Chicago PD Misconduct Complaints More Likely to Be Upheld if You are White

Over the past five years police complaints in Chicago have been seven times more likely to be upheld if filed by a Caucasian. Regardless of the fact that African-Americans filed three times the amount of complaints. Of the 17,500 complaints that were filed 61% of them were filed by African-Americans. 21% of the complaints were filed by Caucasians, and 12 percent were filed by Hispanics. The final 7% are complaints that were filed anonymously. Each of these demographics make up approximately a 3rd of the city’s population.

If you look at the number of complaints that have been sustained by the city of Chicago. 25% of them were filed by African-Americans. 58% were filed by Caucasians and the remaining 15% were filed by Hispanics.

Craig Futterman Law professor and Director of the University of Chicago’s Civil Rights and Police Accountability Project feels strongly about the way about the city handles its complaints.

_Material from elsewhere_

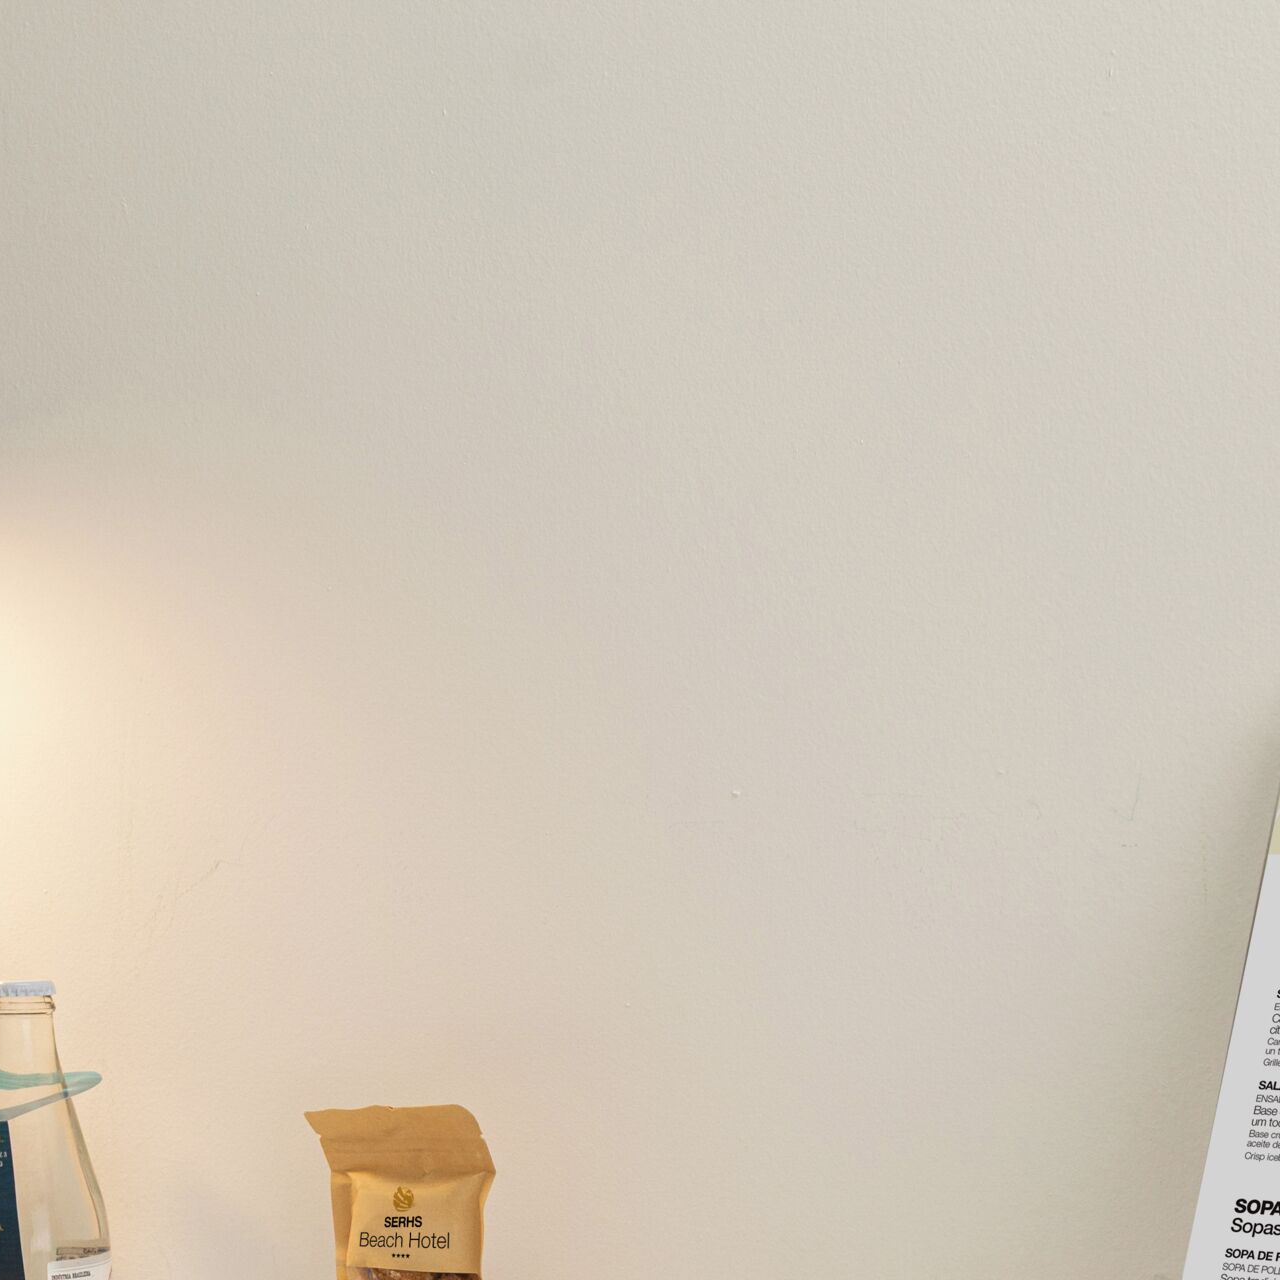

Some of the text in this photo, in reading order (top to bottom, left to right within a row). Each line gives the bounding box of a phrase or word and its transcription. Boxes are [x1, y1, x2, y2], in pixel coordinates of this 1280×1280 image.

[384, 1215, 422, 1227] SERHS
[359, 1231, 450, 1249] Beach Hotel
[1224, 1247, 1255, 1260] SOPA
[1256, 1250, 1274, 1262] DE

“Race matters, It matters in terms of who is most likely to be victimized by police abuse, it matters in terms of who is most likely to be believed when there is a complaint, and it matters within the Police Department in terms of racial bias.”

The analysis of police complaints is based on the Citizens’ Police Data Project, a website containing misconduct complaint records for more than 8,500 Chicago police officers. The project is under the umbrella of the Invisible Institute, a nonprofit journalism production company, which released the information on Tuesday. A collaboration with the University of Chicago Law School’s Mandel Legal Aid Clinic, where Futterman works, the project is believed to be the most expansive public database of its kind.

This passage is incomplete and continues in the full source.